The solution is to build a small, cost-effective custom integration using the HubSpot and PandaDoc APIs, and you can manage the data flow using a server-side solution like Google Tag Manager in conjunction with a service like Stape or Google Cloud Platform, which can be much cheaper than a complex, out-of-the-box integration platform.
The long answer is:
You are absolutely correct that the out-of-the-box integration from the HubSpot Marketplace does not allow you to pull data from Custom Objects – it is typically limited to standard objects like Deals, Contacts, and Companies.
This is a common limitation with native integrations, but it doesn’t mean it’s impossible.

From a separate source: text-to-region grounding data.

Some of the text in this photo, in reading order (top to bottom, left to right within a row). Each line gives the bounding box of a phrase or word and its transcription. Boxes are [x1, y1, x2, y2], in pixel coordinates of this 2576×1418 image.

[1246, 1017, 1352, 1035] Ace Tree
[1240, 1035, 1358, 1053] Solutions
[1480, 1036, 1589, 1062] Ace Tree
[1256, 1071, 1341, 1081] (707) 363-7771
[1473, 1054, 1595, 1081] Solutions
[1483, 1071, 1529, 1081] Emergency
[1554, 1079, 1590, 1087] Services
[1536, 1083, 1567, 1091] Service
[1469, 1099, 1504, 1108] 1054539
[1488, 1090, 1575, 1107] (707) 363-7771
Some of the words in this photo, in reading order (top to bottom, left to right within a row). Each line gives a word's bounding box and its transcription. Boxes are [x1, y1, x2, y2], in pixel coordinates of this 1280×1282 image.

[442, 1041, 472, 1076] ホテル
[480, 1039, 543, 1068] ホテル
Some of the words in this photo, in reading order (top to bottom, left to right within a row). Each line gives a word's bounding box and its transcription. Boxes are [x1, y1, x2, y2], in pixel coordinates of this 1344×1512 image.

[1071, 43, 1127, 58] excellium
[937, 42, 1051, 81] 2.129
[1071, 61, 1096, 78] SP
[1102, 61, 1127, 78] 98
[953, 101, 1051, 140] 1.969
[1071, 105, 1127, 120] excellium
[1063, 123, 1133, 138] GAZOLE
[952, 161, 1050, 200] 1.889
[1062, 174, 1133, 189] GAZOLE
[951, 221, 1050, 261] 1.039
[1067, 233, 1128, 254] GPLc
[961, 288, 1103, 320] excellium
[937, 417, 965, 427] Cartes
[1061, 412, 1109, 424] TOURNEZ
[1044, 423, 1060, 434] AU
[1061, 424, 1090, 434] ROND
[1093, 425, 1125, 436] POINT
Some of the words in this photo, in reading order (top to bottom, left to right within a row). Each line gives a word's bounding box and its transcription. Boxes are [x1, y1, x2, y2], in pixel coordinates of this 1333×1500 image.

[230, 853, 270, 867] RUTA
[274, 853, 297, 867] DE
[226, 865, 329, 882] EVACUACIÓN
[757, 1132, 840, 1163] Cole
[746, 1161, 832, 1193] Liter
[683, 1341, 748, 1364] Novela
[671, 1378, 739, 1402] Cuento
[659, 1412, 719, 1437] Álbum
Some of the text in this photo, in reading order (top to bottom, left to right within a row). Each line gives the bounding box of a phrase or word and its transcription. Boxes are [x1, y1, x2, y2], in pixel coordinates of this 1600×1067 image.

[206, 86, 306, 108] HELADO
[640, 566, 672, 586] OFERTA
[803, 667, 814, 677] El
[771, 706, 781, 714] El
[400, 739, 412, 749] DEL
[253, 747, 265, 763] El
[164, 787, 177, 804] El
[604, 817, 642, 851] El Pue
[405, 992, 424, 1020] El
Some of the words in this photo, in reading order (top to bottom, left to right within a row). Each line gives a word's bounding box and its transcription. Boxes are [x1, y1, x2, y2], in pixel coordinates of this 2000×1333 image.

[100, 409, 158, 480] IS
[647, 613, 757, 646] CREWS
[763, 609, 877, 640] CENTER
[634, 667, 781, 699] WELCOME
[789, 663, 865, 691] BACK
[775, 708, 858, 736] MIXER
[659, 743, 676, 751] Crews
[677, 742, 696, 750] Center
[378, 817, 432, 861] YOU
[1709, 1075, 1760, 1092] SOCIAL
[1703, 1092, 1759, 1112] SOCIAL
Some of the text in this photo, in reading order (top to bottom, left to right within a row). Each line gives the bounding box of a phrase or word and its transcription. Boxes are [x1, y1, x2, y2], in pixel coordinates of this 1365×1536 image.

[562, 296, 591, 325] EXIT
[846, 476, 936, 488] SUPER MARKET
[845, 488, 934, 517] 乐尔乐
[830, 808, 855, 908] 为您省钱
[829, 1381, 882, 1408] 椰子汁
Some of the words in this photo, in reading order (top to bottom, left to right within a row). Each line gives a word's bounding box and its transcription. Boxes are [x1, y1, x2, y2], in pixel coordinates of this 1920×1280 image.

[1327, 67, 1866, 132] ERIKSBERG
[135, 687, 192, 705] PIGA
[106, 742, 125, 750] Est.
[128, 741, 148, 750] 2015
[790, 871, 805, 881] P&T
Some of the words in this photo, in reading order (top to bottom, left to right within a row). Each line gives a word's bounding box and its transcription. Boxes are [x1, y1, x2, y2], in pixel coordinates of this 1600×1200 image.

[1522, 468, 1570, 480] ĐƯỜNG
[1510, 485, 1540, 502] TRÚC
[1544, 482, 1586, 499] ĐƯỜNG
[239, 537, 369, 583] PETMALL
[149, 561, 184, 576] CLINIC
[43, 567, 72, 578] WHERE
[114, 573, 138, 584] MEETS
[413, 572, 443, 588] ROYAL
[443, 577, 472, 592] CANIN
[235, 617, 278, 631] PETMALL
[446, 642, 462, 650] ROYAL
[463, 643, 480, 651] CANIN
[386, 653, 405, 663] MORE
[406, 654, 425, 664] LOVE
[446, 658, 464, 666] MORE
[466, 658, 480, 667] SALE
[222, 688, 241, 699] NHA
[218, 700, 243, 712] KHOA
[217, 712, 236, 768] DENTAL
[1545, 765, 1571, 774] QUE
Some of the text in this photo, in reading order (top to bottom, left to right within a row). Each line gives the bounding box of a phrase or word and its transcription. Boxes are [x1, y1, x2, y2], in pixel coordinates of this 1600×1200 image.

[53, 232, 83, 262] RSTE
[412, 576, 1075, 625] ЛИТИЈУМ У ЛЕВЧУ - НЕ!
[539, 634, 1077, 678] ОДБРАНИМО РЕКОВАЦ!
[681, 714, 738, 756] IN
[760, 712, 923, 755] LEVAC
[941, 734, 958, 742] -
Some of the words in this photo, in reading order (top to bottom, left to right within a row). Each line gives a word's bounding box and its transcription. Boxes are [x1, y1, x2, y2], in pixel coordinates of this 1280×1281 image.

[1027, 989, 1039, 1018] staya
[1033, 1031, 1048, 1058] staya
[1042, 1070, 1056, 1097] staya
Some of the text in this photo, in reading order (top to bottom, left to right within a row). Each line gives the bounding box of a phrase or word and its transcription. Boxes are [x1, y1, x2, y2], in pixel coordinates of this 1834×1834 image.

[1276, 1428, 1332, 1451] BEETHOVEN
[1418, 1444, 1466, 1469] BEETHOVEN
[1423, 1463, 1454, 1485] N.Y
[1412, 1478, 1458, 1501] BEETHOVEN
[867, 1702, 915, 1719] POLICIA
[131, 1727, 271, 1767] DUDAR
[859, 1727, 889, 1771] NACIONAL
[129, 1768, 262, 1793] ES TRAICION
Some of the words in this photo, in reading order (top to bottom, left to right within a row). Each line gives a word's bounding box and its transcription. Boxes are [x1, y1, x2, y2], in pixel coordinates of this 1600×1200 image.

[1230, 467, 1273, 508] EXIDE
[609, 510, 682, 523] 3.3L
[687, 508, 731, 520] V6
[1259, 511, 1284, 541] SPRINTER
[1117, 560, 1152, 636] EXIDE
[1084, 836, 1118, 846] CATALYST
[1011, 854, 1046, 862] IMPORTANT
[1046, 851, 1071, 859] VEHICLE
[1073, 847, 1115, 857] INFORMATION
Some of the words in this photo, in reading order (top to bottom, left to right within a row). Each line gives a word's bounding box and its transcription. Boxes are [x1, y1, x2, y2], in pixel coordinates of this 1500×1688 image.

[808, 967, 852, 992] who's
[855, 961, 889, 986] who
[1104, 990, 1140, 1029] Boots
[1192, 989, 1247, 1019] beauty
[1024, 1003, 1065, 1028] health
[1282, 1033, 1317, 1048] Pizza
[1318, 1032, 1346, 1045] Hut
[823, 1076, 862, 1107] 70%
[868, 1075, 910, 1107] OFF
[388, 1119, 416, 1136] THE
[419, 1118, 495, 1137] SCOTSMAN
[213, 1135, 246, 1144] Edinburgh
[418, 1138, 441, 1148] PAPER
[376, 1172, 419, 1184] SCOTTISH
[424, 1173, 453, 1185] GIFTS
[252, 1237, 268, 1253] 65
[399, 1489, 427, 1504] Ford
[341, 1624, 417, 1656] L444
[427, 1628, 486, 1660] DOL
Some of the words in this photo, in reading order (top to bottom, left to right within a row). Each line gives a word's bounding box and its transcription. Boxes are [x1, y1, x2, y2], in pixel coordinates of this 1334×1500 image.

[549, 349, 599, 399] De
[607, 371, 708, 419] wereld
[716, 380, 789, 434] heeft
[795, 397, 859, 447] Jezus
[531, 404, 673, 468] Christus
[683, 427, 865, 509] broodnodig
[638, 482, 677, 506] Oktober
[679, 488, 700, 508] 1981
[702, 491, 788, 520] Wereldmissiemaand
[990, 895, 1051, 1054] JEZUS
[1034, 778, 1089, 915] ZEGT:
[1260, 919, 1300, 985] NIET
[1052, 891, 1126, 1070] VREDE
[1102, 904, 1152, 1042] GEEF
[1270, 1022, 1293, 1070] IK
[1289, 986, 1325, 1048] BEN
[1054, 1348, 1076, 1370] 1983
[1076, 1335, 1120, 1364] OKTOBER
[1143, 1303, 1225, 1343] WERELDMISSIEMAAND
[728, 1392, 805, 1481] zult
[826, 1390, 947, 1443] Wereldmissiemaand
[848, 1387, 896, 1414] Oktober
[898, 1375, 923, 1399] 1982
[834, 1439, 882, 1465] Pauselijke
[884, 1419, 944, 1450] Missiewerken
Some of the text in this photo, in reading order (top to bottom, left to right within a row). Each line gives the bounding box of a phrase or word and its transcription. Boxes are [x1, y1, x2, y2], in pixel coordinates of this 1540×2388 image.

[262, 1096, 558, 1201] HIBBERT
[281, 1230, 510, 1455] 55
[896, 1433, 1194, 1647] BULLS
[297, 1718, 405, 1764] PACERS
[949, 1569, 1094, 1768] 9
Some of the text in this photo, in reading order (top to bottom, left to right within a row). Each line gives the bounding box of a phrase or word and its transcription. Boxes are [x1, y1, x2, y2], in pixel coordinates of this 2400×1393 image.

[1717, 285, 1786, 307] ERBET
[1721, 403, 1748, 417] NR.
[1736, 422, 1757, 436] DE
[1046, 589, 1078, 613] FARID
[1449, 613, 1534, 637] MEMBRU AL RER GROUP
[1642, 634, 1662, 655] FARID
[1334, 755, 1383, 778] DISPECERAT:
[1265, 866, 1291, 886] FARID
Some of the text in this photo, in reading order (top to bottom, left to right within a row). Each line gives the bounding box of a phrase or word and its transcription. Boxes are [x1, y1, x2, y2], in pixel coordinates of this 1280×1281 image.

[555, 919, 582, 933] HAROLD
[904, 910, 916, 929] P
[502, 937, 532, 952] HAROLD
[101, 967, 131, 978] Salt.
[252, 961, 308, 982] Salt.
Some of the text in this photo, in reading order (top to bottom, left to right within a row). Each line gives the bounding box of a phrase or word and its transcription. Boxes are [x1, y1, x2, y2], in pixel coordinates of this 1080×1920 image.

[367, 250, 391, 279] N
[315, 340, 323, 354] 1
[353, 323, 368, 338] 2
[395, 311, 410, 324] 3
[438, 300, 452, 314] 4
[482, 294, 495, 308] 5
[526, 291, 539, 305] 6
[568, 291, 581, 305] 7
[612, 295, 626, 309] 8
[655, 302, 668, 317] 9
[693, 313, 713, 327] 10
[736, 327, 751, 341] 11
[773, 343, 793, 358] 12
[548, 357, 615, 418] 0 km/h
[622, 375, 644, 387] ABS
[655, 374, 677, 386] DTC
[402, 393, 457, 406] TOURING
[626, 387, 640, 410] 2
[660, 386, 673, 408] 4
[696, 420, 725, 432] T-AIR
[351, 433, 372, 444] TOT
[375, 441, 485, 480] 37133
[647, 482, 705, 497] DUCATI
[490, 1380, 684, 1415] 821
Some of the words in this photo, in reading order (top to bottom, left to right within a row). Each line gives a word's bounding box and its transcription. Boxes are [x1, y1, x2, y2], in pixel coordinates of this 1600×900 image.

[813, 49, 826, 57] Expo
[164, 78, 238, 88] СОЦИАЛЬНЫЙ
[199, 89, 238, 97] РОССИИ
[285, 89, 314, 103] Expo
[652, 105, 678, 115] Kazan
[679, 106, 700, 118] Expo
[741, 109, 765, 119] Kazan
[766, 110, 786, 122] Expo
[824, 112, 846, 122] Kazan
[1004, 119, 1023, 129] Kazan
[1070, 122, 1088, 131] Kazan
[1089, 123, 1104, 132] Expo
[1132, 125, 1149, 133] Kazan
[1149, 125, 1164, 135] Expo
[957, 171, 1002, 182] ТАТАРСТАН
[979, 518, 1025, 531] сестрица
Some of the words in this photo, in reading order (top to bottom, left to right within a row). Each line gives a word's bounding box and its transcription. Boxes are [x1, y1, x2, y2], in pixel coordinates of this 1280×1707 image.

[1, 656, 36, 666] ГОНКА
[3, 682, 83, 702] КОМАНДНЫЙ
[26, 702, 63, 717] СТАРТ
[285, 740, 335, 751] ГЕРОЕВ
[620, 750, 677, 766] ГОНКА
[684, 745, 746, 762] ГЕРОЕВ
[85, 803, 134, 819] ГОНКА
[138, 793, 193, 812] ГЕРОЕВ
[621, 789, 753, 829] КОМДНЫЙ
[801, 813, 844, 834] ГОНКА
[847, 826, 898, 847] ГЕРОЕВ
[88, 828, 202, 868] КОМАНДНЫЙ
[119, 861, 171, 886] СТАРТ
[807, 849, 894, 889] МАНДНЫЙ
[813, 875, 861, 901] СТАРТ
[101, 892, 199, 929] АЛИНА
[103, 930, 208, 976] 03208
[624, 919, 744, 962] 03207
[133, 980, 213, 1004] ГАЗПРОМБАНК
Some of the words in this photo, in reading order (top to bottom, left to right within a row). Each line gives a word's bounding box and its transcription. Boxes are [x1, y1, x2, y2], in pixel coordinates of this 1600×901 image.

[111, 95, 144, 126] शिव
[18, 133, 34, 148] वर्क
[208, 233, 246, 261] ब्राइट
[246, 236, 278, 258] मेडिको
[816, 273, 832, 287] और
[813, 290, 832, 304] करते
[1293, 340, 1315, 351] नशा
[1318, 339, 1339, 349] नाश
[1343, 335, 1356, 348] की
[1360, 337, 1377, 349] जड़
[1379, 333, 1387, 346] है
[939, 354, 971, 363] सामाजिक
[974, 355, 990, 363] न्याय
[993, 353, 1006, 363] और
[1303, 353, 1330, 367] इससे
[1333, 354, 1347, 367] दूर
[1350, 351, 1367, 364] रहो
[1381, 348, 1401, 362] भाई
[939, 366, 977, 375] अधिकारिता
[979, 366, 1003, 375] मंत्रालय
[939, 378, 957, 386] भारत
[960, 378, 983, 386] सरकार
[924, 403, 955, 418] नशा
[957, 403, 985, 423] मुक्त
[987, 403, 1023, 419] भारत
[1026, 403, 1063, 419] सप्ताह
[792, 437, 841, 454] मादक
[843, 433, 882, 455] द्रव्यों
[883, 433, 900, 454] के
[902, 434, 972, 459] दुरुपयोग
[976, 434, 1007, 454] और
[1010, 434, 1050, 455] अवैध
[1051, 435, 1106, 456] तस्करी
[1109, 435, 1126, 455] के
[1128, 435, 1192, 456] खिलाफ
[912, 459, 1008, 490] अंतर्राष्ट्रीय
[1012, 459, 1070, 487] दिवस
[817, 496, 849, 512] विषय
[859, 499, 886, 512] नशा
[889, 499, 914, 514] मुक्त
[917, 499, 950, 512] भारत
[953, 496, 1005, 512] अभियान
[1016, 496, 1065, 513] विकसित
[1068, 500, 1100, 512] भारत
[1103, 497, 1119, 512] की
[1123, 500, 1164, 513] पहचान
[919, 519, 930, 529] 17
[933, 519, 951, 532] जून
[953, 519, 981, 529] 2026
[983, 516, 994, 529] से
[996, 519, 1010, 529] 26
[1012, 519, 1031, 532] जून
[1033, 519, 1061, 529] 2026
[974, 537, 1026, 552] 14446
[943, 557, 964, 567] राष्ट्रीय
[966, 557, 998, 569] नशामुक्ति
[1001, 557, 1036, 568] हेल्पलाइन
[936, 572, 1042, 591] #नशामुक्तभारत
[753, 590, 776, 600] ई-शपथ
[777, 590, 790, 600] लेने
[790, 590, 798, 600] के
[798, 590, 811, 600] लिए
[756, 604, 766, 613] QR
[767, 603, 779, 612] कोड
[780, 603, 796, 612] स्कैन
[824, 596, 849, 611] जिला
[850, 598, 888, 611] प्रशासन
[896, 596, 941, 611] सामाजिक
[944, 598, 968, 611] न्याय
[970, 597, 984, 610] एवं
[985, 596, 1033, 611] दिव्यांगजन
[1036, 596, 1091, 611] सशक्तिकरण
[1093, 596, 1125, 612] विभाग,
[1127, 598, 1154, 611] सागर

Your best path forward, for a scalable and budget-friendly solution, is to leverage the APIs of both platforms to create a custom bridge for your data.
You can use the HubSpot Custom Objects API to retrieve the property values you need whenever a specific event occurs, like a Custom Object being created or a Deal stage changing.
Simultaneously, the PandaDoc API has a powerful endpoint called ‘Create Document from Template’ that allows you to pass custom data to merge into a document template, which is exactly what you need to populate the Custom Object properties.
The most efficient and affordable way to connect these two APIs without relying on expensive, full-blown integration platforms is to use a server-side tagging environment.
You can set up a HubSpot Workflow that sends a webhook to your server-side Google Tag Manager container upon a specific action.
Within that container, you’ll configure a Google Tag Manager tag to execute the necessary logic.
First, the tag will make a call to the HubSpot API to fetch the required Custom Object properties associated with the record that triggered the webhook.
Second, it will use that data to construct a JSON payload and send a request to the PandaDoc ‘Create Document from Template’ API endpoint.
By using server-side Google Tag Manager with a platform like Stape or Google Cloud Platform’s Cloud Run, you get a significant cost advantage.
Unlike traditional custom coding that requires dedicated servers and constant maintenance, this setup is event-driven and runs only when triggered by your HubSpot workflow.
Stape, for instance, offers extremely cost-effective container hosting, and Google Cloud Platform offers a generous free tier for services like Cloud Run.
This approach ensures you are only paying for the computational resources you actually use to process the document generation requests.
This combination of using the native APIs with a minimal server-side setup provides you with a robust, highly customizable, and very cheap solution to an integration problem that the native applications can’t solve.